Mahkeme başkanının, "Köydeki kadınların kavgasından haberiniz var mı, size küfrettiler mi?" diye sorması üzerine Güran, "Hayır, hiç kimseyi görmemişim." ifadesini kullandı.
Yüksel Güran'a tutanaklarda yer alan "Enes'i nasıl korurum?" şeklindeki ifadeleri de hatırlatıldı. Anne Güran, bir kadın jandarma personelinin, "Ankara'da bir dairede Enes'in ve tüm ailenin fotoğraflarının olduğu" bilgisini kendisiyle paylaşması üzerine birilerinin Enes'i öldüreceğinden korktuğunu ve bu nedenle "Enes'i nasıl koruyabilirim?" dediğini öne sürdü.
Mahkeme başkanının "Narin'i öldürse kendi ellerinle teslim eder misin?" diye sorması üzerine Güran, "Yemin ederim teslim ederim. Kızım öldüğü zaman tüm sevgimi Narin'e verdim, hepimiz Narin için ölüyorduk. Narin, benim kıymetlimdi. İnsan ölüyor, mezarı oluyor ama 8 yaşındaki bir kız çocuğum için ciğerim yanıyordu, bu cümleleri kullandım." diye konuştu.
HTS raporuna göre olay günü saat 15.20'de Salim Güran'ın evlerinde olduğunun tespit edildiğinin belirtilmesi üzerine de Yüksel Güran, "Kesinlikle Salim evimize gelmemiş." dedi. Mahkeme başkanının, "Nevzat'ın öldürdüğünü söylüyorsun. Nevzat'ın beyanına göre Nevzat da eve gelmiş. Baz kaydı, Nevzat'ın Arif Güran'ın evine gittiğini gösteriyor. Senin, Enes'in, Salim'in ve Nevzat'ın da evde olduğunu söylüyor." demesi üzerine anne Güran, şu beyanda bulundu:
"Kesinlikle Salim ve Nevzat evimize gelmemiştir. Evimizin etrafından dolanıp dolanmadıklarını bilmiyorum. Evin etrafına gelse nereden göreyim, camlar kapalı. Oturuyoruz, uzanıyoruz, evin içinde yatıyoruz, dışarı çıkmıyoruz. Ne araba ne ayak sesi duymadım." "Salim ile ilişkiniz var mı?" sorusunu ise Güran, "Yemin ediyorum, Salim ile hiçbir alakamız yoktur." diye yanıtladı.
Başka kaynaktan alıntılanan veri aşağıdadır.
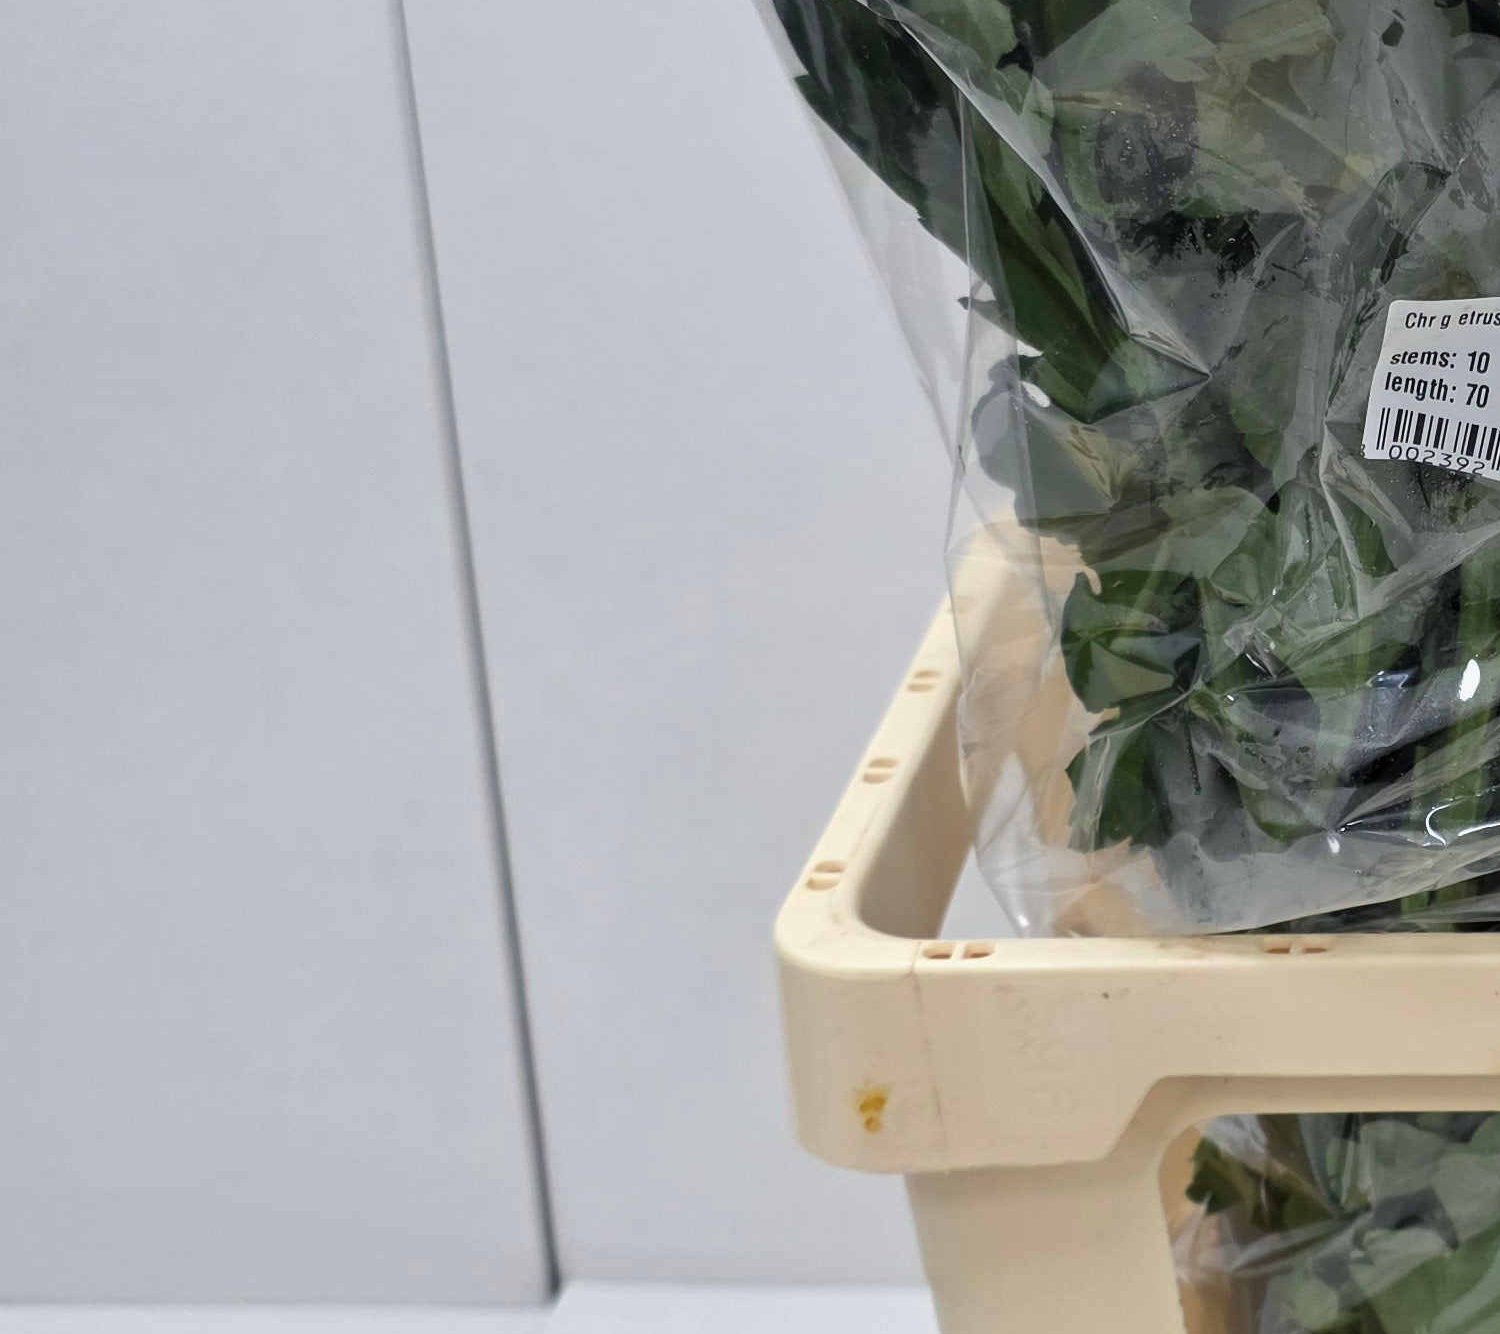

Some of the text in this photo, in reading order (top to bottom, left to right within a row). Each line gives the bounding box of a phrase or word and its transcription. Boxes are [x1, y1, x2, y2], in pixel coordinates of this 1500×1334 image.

"Oğlunu başka biriyle, bir havyan ile uygunsuz şekilde gördün mü?" diye sorulan anne Güran, "Hayır, hayır. Kesinlikle öyle bir şey yok, benim çocuklarım akıllıdır." dedi.
"Salim Güran, ailenin reisi mi?" diye sorulması üzerine Yüksel Güran, "Hayır, hepsi kendi evinin reisidir." dedi. Güran, "Nevzat, Salim'e iftira atmış olabilir mi?" şeklindeki soru üzerine de şunları söyledi: "Allah bilir. Bana iftira atıyor, namusuma leke sürüyor. Allah'tan korkmuyor. Kim yapmışsa Narin'in katilini istiyorum. Bırakmadılar, Narin'e gelinlik giydireyim, kefen giydirdiler, hayallerimizi yıktılar, namusumuzu kirlettiler. 22 senedir evliyim, hiçbir hatam olmadı, 5 çocuğum var. Nasıl namusuma leke sürüyorum? Kocam bir gün yüzüme tokat atmadı, yüzüme tükürmedi. Kocam bana gül gibi bakıyordu. Saçımı süpürge ediyorum. Çocuklarımın harçlığı için sabah erken kalkıyorum. Beni öldürün, Salim ile alakam yok. Asın beni burada. Bunun yüzüne bakın, bu insan mıdır? Namusuma leke sürmeyin, Güranlara leke sürmeyin. Yemin ederim, Salim evimize gelmemiş. 5 çocuğum var, tüm çocuklarımın psikolojisi bozulmuş."
Savcının "Enes Güran'ın olay gününe ilişkin çelişkili beyanlarda bulunduğunu" hatırlatması üzerine ise anne Güran, "Enes'in aklına her şey gelmiyor, çocuktur." ifadesini kullandı.
Diyarbakır Barosu avukatlarından Mehdi Özdemir, "Nevzat Bahtiyar'ın eşi Gazal ile karşılaştınız mı?" diye sorunca Güran, "Beni teselli ediyordu. 'Narin'i bulacağız. diyordu." beyanında bulundu.
Mahallede kadınların arasında yaşanan tartışmayı hatırlatan avukatın "'Narin'in mezarı olsun.' diye aranızda bir bağrışma oldu mu?" sorusunu ise Yüksel Güran, "Kesinlikle olmadı." diye yanıtladı. Avukatın Narin'in kaybolduğu gün bir yere gidip gitmediğini sorması üzerine Güran, o gün hiçbir yere gitmediğini öne sürdü.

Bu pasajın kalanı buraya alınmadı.